═════ AVAILABLE DATA ═════

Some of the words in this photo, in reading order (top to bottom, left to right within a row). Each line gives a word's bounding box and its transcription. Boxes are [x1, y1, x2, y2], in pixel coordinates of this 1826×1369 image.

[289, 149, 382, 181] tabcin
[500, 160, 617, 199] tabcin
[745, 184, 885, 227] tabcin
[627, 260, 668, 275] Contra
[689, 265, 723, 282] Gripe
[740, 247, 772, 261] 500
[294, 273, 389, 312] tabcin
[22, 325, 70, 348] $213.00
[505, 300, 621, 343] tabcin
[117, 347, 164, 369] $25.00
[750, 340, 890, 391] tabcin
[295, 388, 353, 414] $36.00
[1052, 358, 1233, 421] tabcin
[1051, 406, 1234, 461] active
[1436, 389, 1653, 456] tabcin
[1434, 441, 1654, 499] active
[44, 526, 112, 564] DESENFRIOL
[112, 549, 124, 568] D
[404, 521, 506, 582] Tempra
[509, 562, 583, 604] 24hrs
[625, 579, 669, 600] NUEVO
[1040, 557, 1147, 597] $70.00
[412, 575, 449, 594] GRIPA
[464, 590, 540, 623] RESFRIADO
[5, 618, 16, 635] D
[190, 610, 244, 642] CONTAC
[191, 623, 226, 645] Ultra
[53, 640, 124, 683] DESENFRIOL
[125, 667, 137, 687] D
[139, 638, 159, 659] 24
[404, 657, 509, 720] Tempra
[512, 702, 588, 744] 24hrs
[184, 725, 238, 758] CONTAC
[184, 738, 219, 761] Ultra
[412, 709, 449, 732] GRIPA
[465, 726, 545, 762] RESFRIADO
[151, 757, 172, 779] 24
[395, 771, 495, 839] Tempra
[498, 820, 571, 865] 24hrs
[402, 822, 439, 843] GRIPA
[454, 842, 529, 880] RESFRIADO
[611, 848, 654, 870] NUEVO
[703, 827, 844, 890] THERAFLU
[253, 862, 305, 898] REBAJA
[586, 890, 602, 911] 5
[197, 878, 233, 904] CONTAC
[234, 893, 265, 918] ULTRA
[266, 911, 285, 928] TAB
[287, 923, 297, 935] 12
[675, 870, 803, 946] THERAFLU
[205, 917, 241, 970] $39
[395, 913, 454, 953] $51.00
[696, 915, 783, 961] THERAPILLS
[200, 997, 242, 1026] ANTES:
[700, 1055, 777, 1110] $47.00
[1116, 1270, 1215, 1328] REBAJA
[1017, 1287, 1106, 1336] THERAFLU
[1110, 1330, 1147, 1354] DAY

═════

* WORK TASK: All lines with the word "RESFRIADO" must be located in the data and copied.

* THE COMPLETED TASK:
[464, 590, 540, 623] RESFRIADO
[465, 726, 545, 762] RESFRIADO
[454, 842, 529, 880] RESFRIADO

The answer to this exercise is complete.